** Provided data follows **

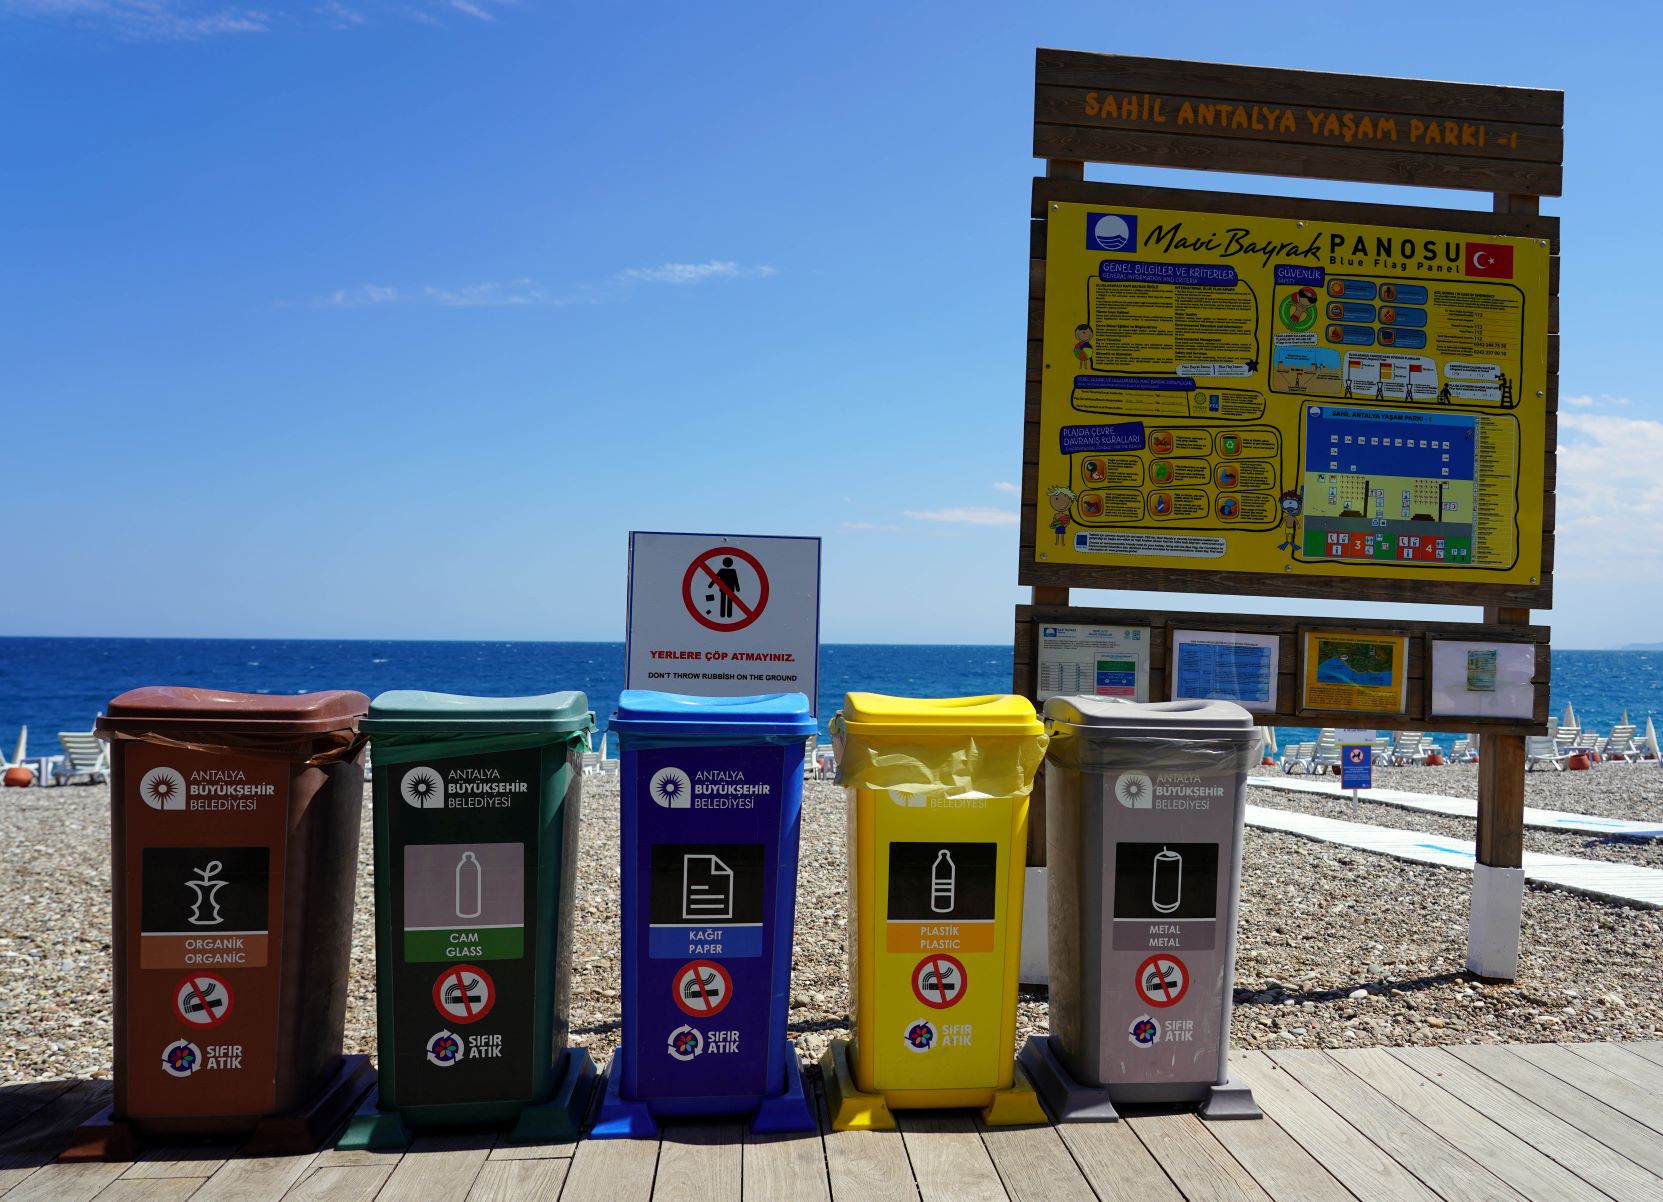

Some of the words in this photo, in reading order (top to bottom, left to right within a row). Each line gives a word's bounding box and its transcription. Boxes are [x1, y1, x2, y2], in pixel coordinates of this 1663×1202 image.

[1177, 99, 1297, 134] ANTALYA
[1306, 110, 1398, 143] YAŞAM
[1409, 118, 1487, 148] PARKI
[1143, 222, 1221, 254] Mavi
[1219, 228, 1323, 268] Bayrak
[1329, 233, 1461, 263] PANOSU
[1103, 262, 1133, 273] GENEL
[1134, 263, 1174, 276] BİLGİLER
[1175, 267, 1188, 277] VE
[1329, 256, 1364, 267] Blue
[1374, 259, 1407, 271] Flag
[1417, 262, 1460, 274] Panel
[1352, 411, 1381, 419] ANTALYA
[1354, 541, 1361, 549] 3
[1425, 544, 1433, 552] 4
[650, 650, 702, 660] YERLERE
[705, 650, 728, 661] ÇÖP
[731, 652, 796, 663] ATMAYINIZ.
[737, 673, 748, 681] ON
[765, 674, 798, 682] GROUND
[190, 770, 246, 781] ANTALYA
[448, 769, 501, 779] ANTALYA
[695, 770, 745, 781] ANTALYA
[1156, 771, 1201, 783] ANTALYA
[190, 782, 275, 797] BÜYÜKŞEHİR
[448, 780, 528, 795] BÜYÜKŞEHİR
[694, 781, 770, 797] BÜYÜKŞEHİR
[1155, 785, 1224, 798] BÜYÜKŞEHİR
[190, 797, 257, 810] BELEDİYESİ
[448, 795, 512, 808] BELEDİYESİ
[694, 796, 754, 809] BELEDİYESİ
[1155, 798, 1210, 810] BELEDİYESİ
[689, 928, 723, 940] KAĞIT
[920, 924, 959, 935] PLASTİK
[1149, 925, 1181, 934] METAL
[184, 936, 244, 949] ORGANİK
[449, 932, 479, 943] CAM
[1149, 938, 1180, 947] METAL
[689, 944, 723, 954] PAPER
[919, 939, 961, 949] PLASTIC
[446, 946, 483, 957] GLASS
[941, 1024, 973, 1035] SIFIR
[1165, 1020, 1194, 1031] SIFIR
[468, 1034, 503, 1047] SIFIR
[707, 1030, 740, 1042] SIFIR
[942, 1034, 972, 1047] ATIK
[1165, 1030, 1193, 1042] ATIK
[206, 1045, 243, 1057] SIFIR
[469, 1045, 502, 1059] ATIK
[707, 1041, 739, 1053] ATIK
[206, 1057, 242, 1069] ATIK
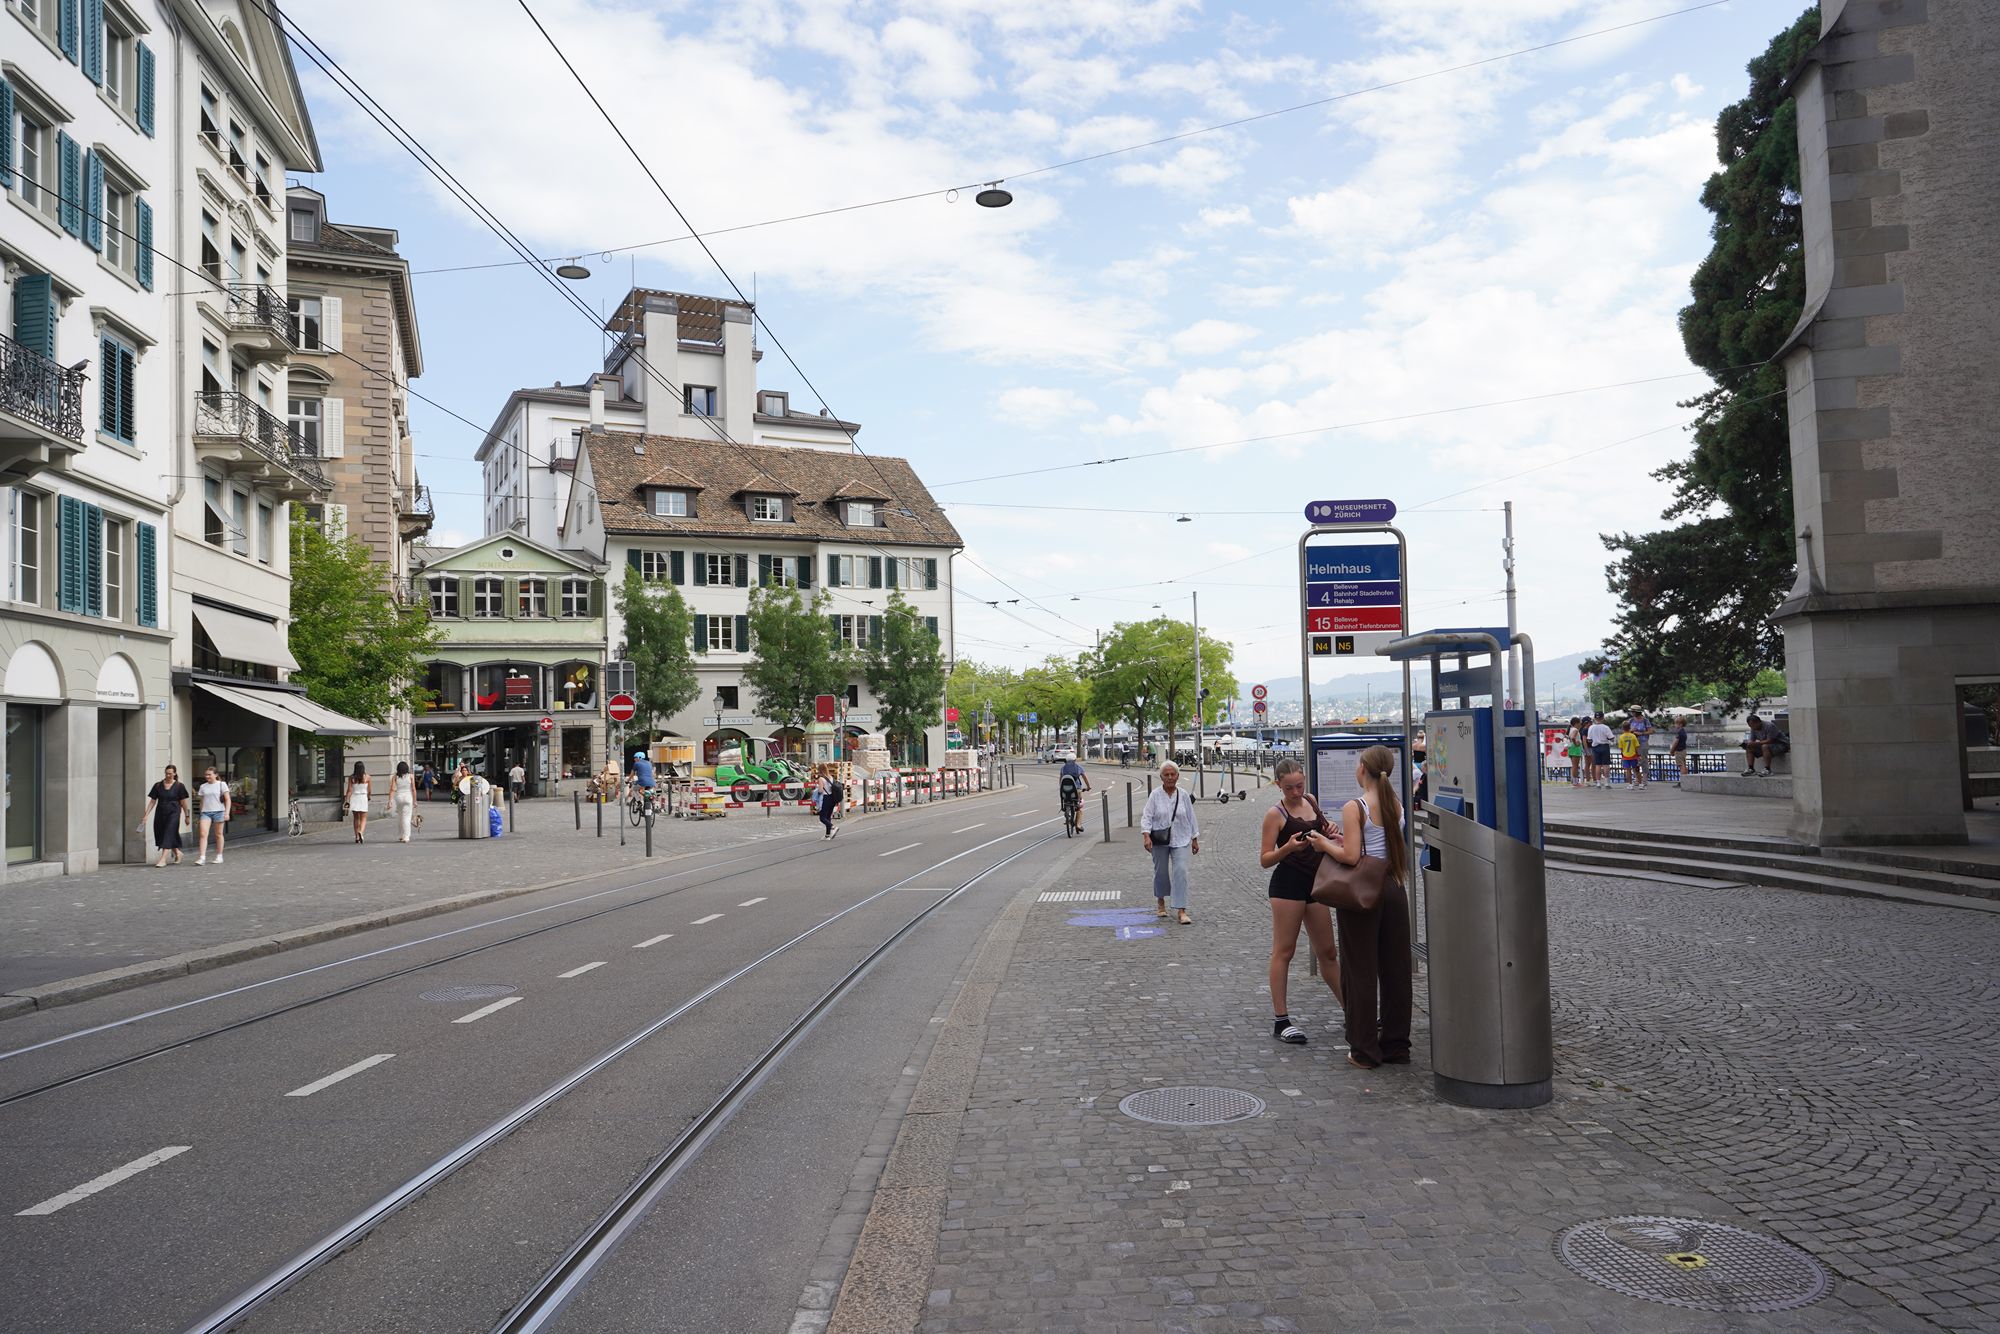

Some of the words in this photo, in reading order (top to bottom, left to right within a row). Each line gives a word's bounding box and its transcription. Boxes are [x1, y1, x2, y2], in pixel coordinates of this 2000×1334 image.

[1334, 503, 1387, 511] MUSEUMSNETZ
[1309, 563, 1372, 575] Helmhaus
[1320, 591, 1331, 604] 4
[1315, 617, 1331, 630] 15
[1315, 643, 1329, 651] N4
[1338, 642, 1352, 650] N5
[1624, 740, 1632, 753] 7
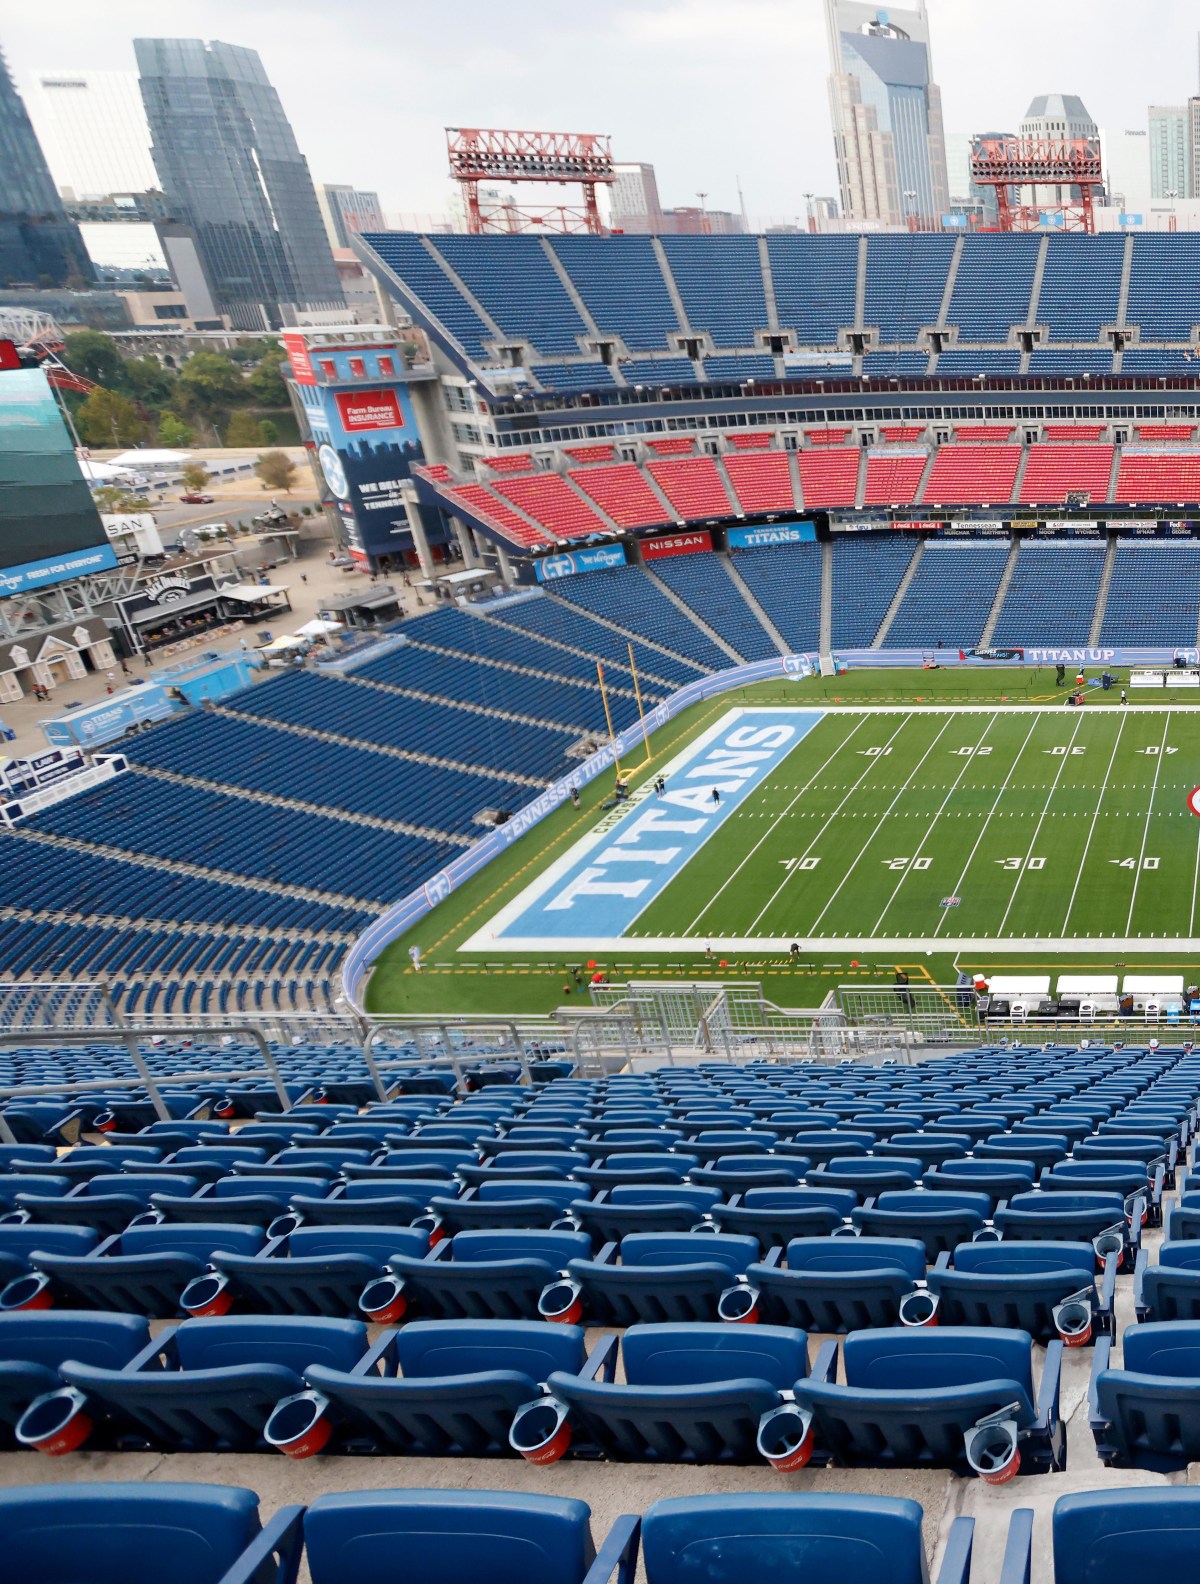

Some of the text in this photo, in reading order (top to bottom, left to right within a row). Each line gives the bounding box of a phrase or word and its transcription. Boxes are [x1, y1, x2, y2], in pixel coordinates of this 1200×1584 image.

[347, 405, 393, 415] Farm Bureau
[348, 411, 395, 422] INSURANCE
[358, 482, 378, 493] WE
[753, 526, 789, 534] TENNESSEE
[650, 535, 703, 551] NISSAN
[744, 530, 800, 545] TITANS
[592, 550, 622, 566] Kroger
[27, 567, 51, 580] FRESH
[51, 563, 67, 573] FOR
[1029, 649, 1116, 661] TITAN UP
[90, 707, 124, 725] TITANS
[864, 747, 893, 756] 10
[956, 746, 993, 755] 20
[1051, 746, 1086, 755] 30
[1143, 746, 1180, 755] 40
[543, 724, 796, 911] TITANS
[785, 857, 821, 870] 10
[888, 857, 934, 870] 20
[1003, 857, 1048, 870] 30
[1119, 857, 1161, 870] 40
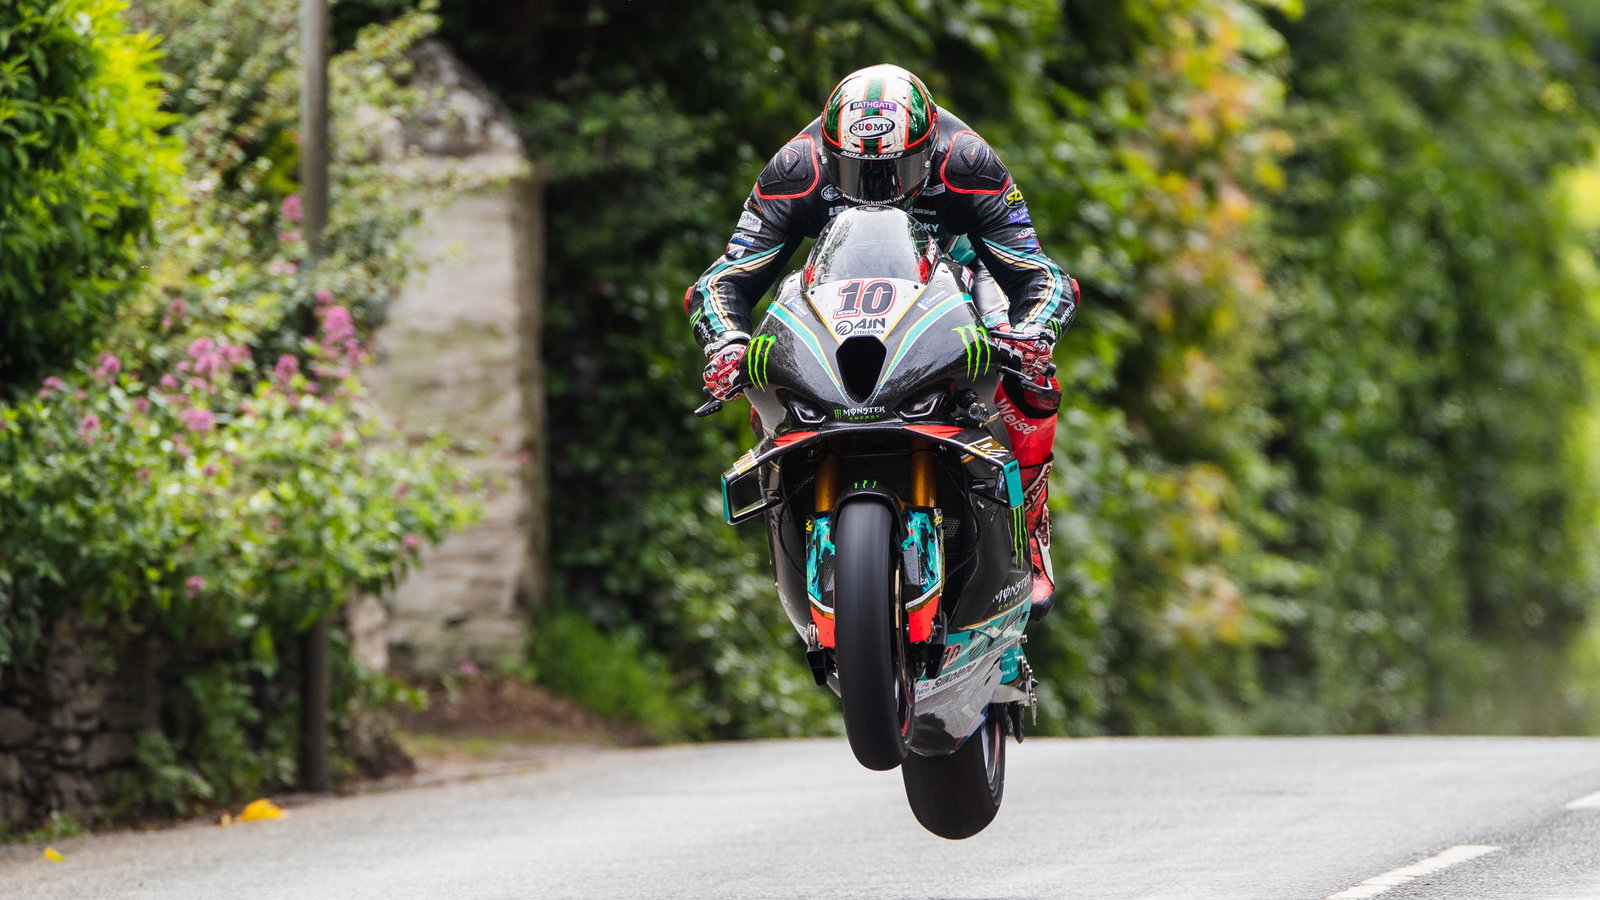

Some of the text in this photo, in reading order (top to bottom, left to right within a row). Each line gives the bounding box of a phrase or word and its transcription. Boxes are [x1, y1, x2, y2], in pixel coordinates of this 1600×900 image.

** End of Provided data **

Please output all the records above exactly, leaving out every picture.

# Task output
Some of the words in this photo, in reading order (top to bottom, left to right within a row). Each line gives a word's bounding box and its transcription. Boxes are [x1, y1, x2, y2], in pixel coordinates of this 1663×1202 image.

[1177, 99, 1297, 134] ANTALYA
[1306, 110, 1398, 143] YAŞAM
[1409, 118, 1487, 148] PARKI
[1143, 222, 1221, 254] Mavi
[1219, 228, 1323, 268] Bayrak
[1329, 233, 1461, 263] PANOSU
[1103, 262, 1133, 273] GENEL
[1134, 263, 1174, 276] BİLGİLER
[1175, 267, 1188, 277] VE
[1329, 256, 1364, 267] Blue
[1374, 259, 1407, 271] Flag
[1417, 262, 1460, 274] Panel
[1352, 411, 1381, 419] ANTALYA
[1354, 541, 1361, 549] 3
[1425, 544, 1433, 552] 4
[650, 650, 702, 660] YERLERE
[705, 650, 728, 661] ÇÖP
[731, 652, 796, 663] ATMAYINIZ.
[737, 673, 748, 681] ON
[765, 674, 798, 682] GROUND
[190, 770, 246, 781] ANTALYA
[448, 769, 501, 779] ANTALYA
[695, 770, 745, 781] ANTALYA
[1156, 771, 1201, 783] ANTALYA
[190, 782, 275, 797] BÜYÜKŞEHİR
[448, 780, 528, 795] BÜYÜKŞEHİR
[694, 781, 770, 797] BÜYÜKŞEHİR
[1155, 785, 1224, 798] BÜYÜKŞEHİR
[190, 797, 257, 810] BELEDİYESİ
[448, 795, 512, 808] BELEDİYESİ
[694, 796, 754, 809] BELEDİYESİ
[1155, 798, 1210, 810] BELEDİYESİ
[689, 928, 723, 940] KAĞIT
[920, 924, 959, 935] PLASTİK
[1149, 925, 1181, 934] METAL
[184, 936, 244, 949] ORGANİK
[449, 932, 479, 943] CAM
[1149, 938, 1180, 947] METAL
[689, 944, 723, 954] PAPER
[919, 939, 961, 949] PLASTIC
[446, 946, 483, 957] GLASS
[941, 1024, 973, 1035] SIFIR
[1165, 1020, 1194, 1031] SIFIR
[468, 1034, 503, 1047] SIFIR
[707, 1030, 740, 1042] SIFIR
[942, 1034, 972, 1047] ATIK
[1165, 1030, 1193, 1042] ATIK
[206, 1045, 243, 1057] SIFIR
[469, 1045, 502, 1059] ATIK
[707, 1041, 739, 1053] ATIK
[206, 1057, 242, 1069] ATIK

Some of the words in this photo, in reading order (top to bottom, left to right within a row). Each line gives a word's bounding box and its transcription. Boxes are [x1, y1, x2, y2], in pixel coordinates of this 2000×1334 image.

[1334, 503, 1387, 511] MUSEUMSNETZ
[1309, 563, 1372, 575] Helmhaus
[1320, 591, 1331, 604] 4
[1315, 617, 1331, 630] 15
[1315, 643, 1329, 651] N4
[1338, 642, 1352, 650] N5
[1624, 740, 1632, 753] 7

Some of the text in this photo, in reading order (top to bottom, left to right within a row). Each line gives the bounding box of a phrase or word and its transcription. Boxes are [x1, y1, x2, y2], in pixel coordinates of this 1200×1584 image.

[347, 405, 393, 415] Farm Bureau
[348, 411, 395, 422] INSURANCE
[358, 482, 378, 493] WE
[753, 526, 789, 534] TENNESSEE
[650, 535, 703, 551] NISSAN
[744, 530, 800, 545] TITANS
[592, 550, 622, 566] Kroger
[27, 567, 51, 580] FRESH
[51, 563, 67, 573] FOR
[1029, 649, 1116, 661] TITAN UP
[90, 707, 124, 725] TITANS
[864, 747, 893, 756] 10
[956, 746, 993, 755] 20
[1051, 746, 1086, 755] 30
[1143, 746, 1180, 755] 40
[543, 724, 796, 911] TITANS
[785, 857, 821, 870] 10
[888, 857, 934, 870] 20
[1003, 857, 1048, 870] 30
[1119, 857, 1161, 870] 40

Some of the text in this photo, in reading order (top to bottom, left to right within a row). Each line gives the bounding box of a phrase or word and its transcription. Boxes are [x1, y1, x2, y2], in pixel coordinates of this 1600×900 image.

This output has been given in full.